In 2021 Charlotte Moore, Chief Content Officer for the BBC, commissioned a single episode of Doctor Who to celebrate the BBC's centenary that would also be a regeneration episode. The BBC described this feature-length episode as an "epic blockbuster special". It is the final story in a trio of specials that also comprised the seventh and eighth episodes commissioned for the thirteenth series. Despite this, the three episodes stand alone from the six-part serial. The episode was written by showrunner and executive producer Chris Chibnall, who announced his intentions to leave the programme following the episode. It also saw the departures of executive producer Matt Strevens as well as Nikki Wilson, a co-executive producer. The special is the 300th overall Doctor Who story since the first story was broadcast in 1963.

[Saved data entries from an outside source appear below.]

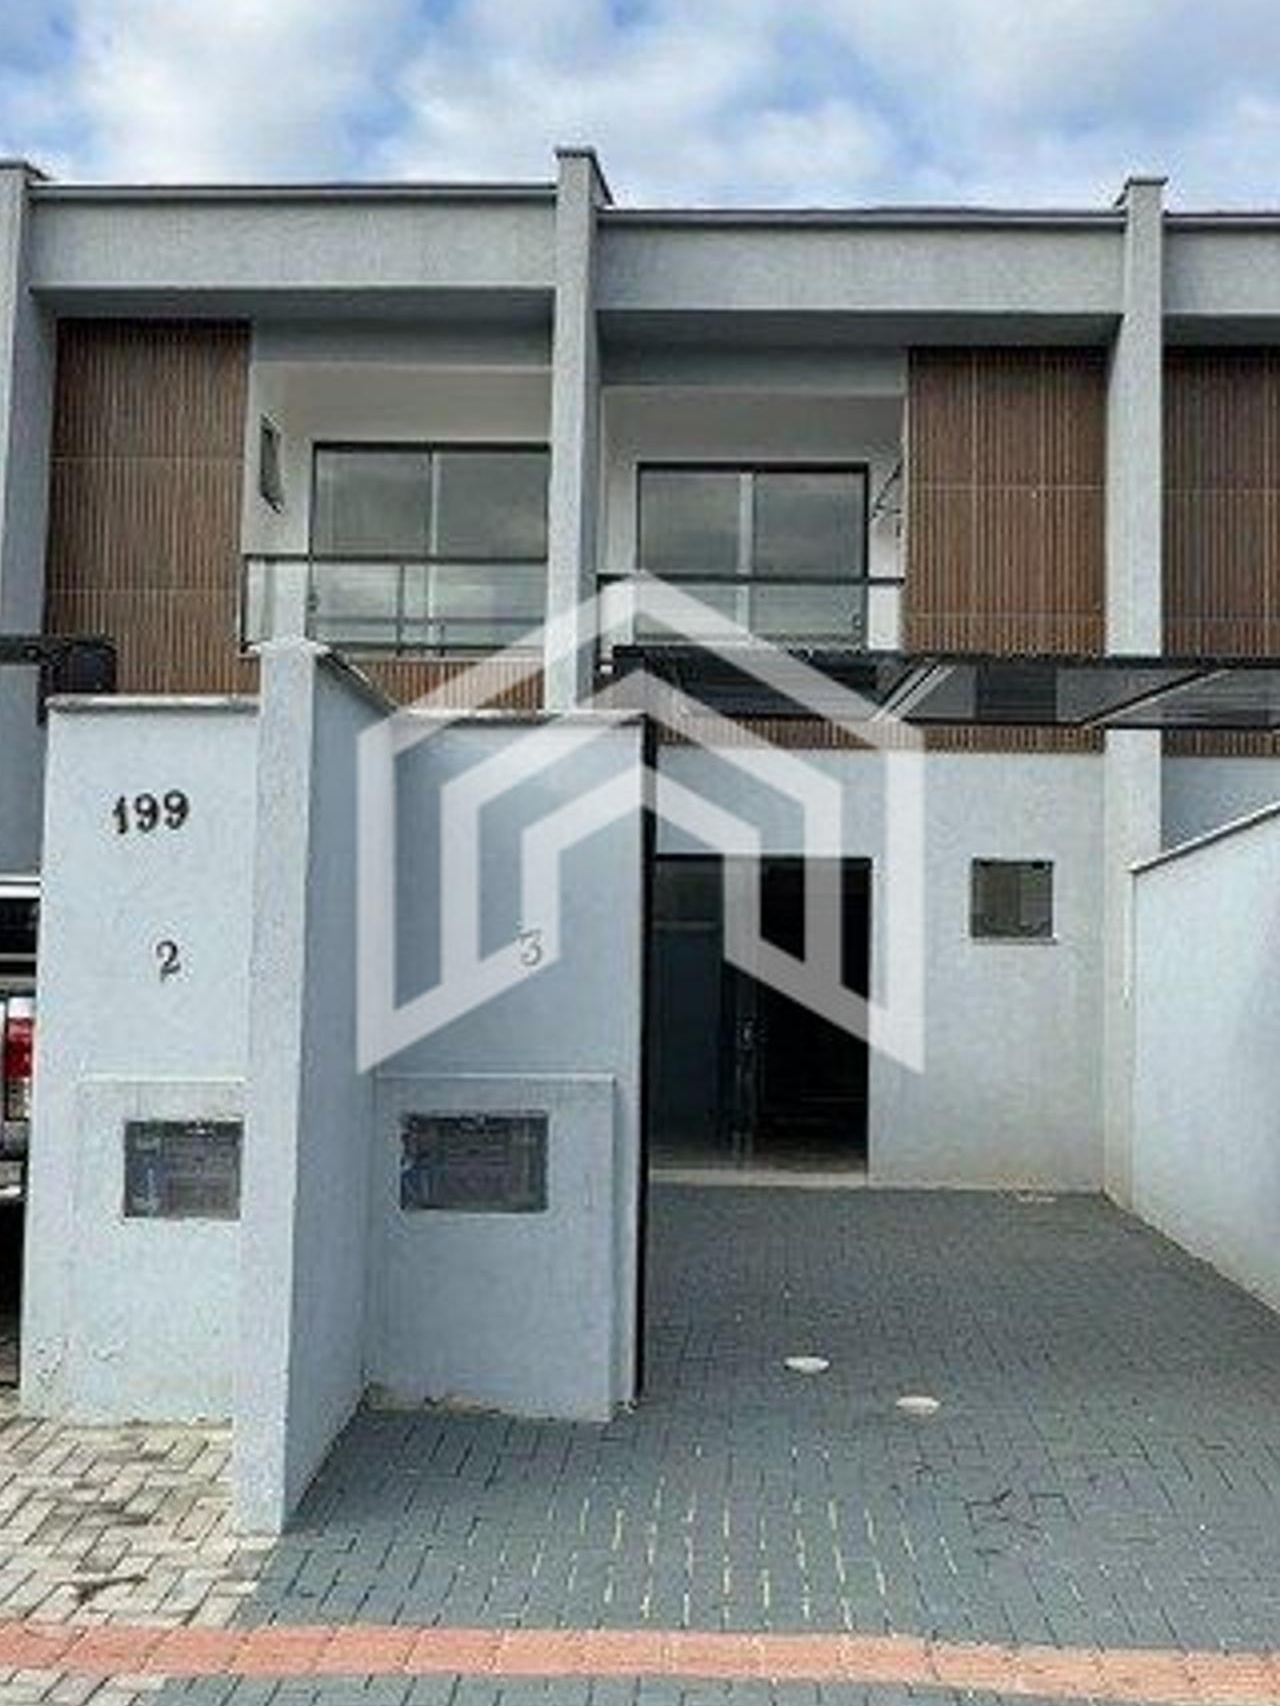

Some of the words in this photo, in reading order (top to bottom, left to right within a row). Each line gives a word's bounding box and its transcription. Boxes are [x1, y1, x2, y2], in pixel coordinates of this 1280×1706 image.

[113, 789, 189, 834] 199
[156, 941, 181, 982] 2
[519, 929, 542, 966] 3
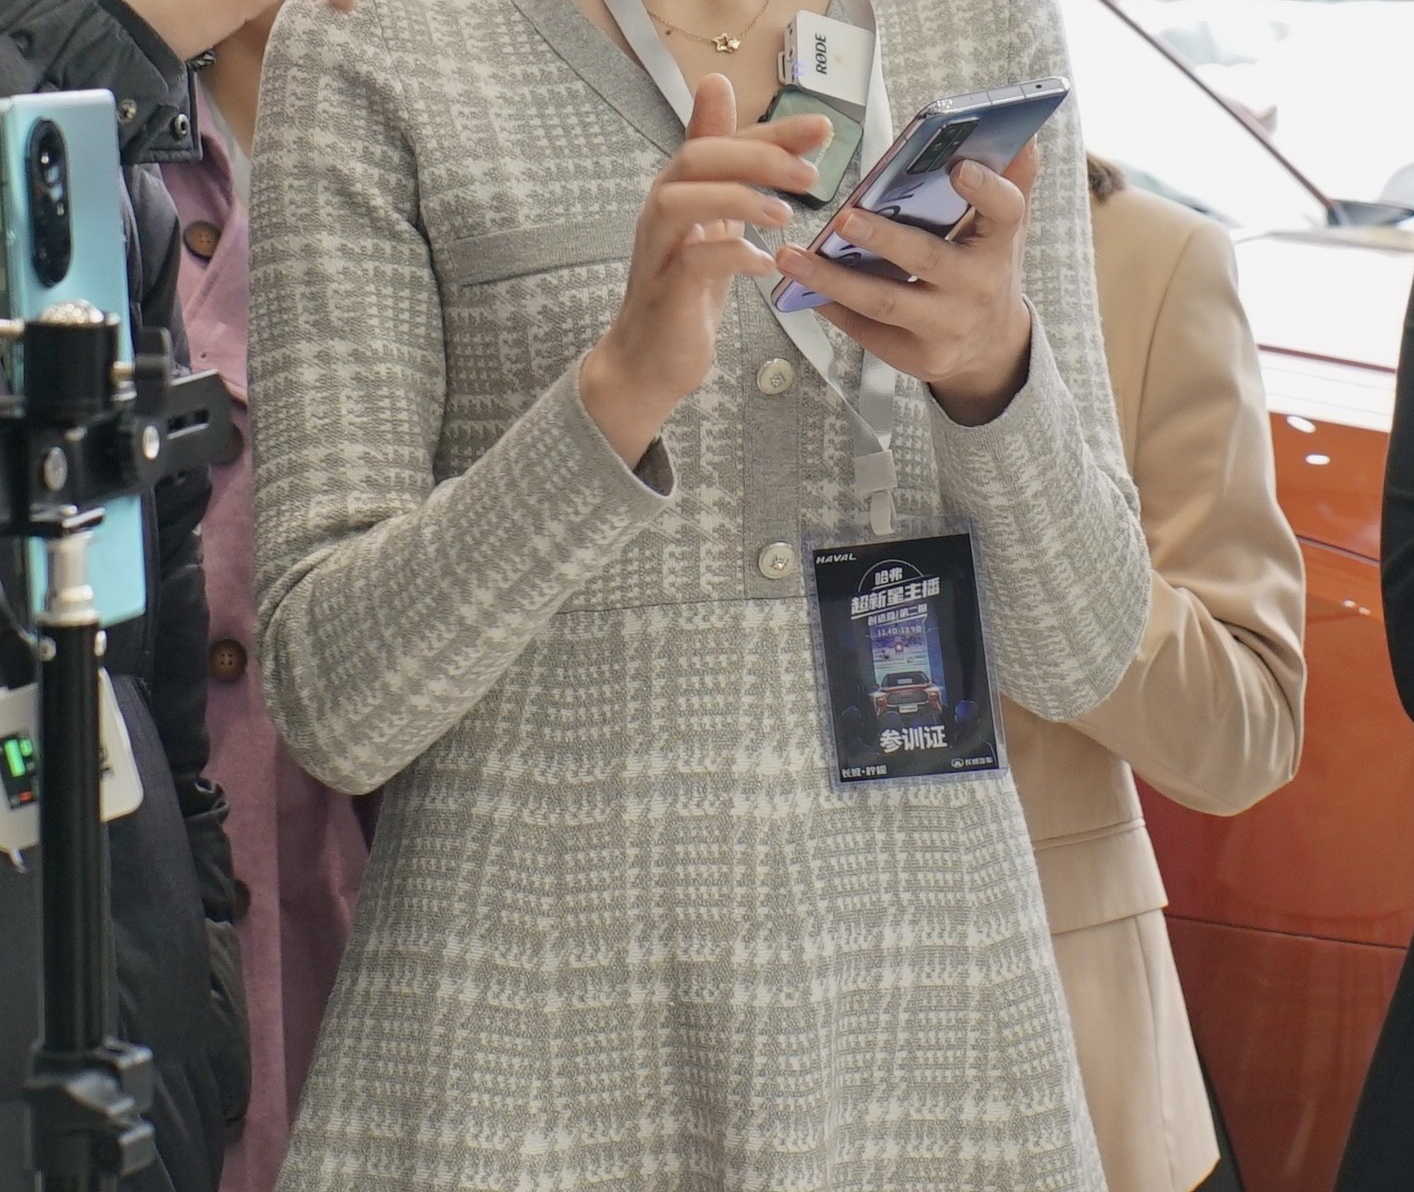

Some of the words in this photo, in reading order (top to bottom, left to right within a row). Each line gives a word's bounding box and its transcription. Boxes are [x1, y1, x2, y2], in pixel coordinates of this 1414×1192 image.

[815, 553, 857, 565] HAVAL
[874, 567, 904, 586] 哈弗
[850, 577, 941, 615] 超新星主播
[879, 725, 948, 753] 参训证

The Cybermen, the Daleks, and the Master all return in the special; it is the first time that all three hold significant roles in the same episode. Chibnall stated that he had plans to include the Master in the next regeneration story since the twelfth series. When asked for suggestions by Chibnall, Sacha Dhawan, who portrayed the Master, said he wanted to explore the theme of the Master's disguises, which was used as a major plot thread of the episode. One of the Master's costumes included a cumulation of outfit pieces from several Doctors. Chibnall said he had the Thirteenth Doctor's final lines written for some time. "The Power of the Doctor" was revealed to be the episode's title in September 2022.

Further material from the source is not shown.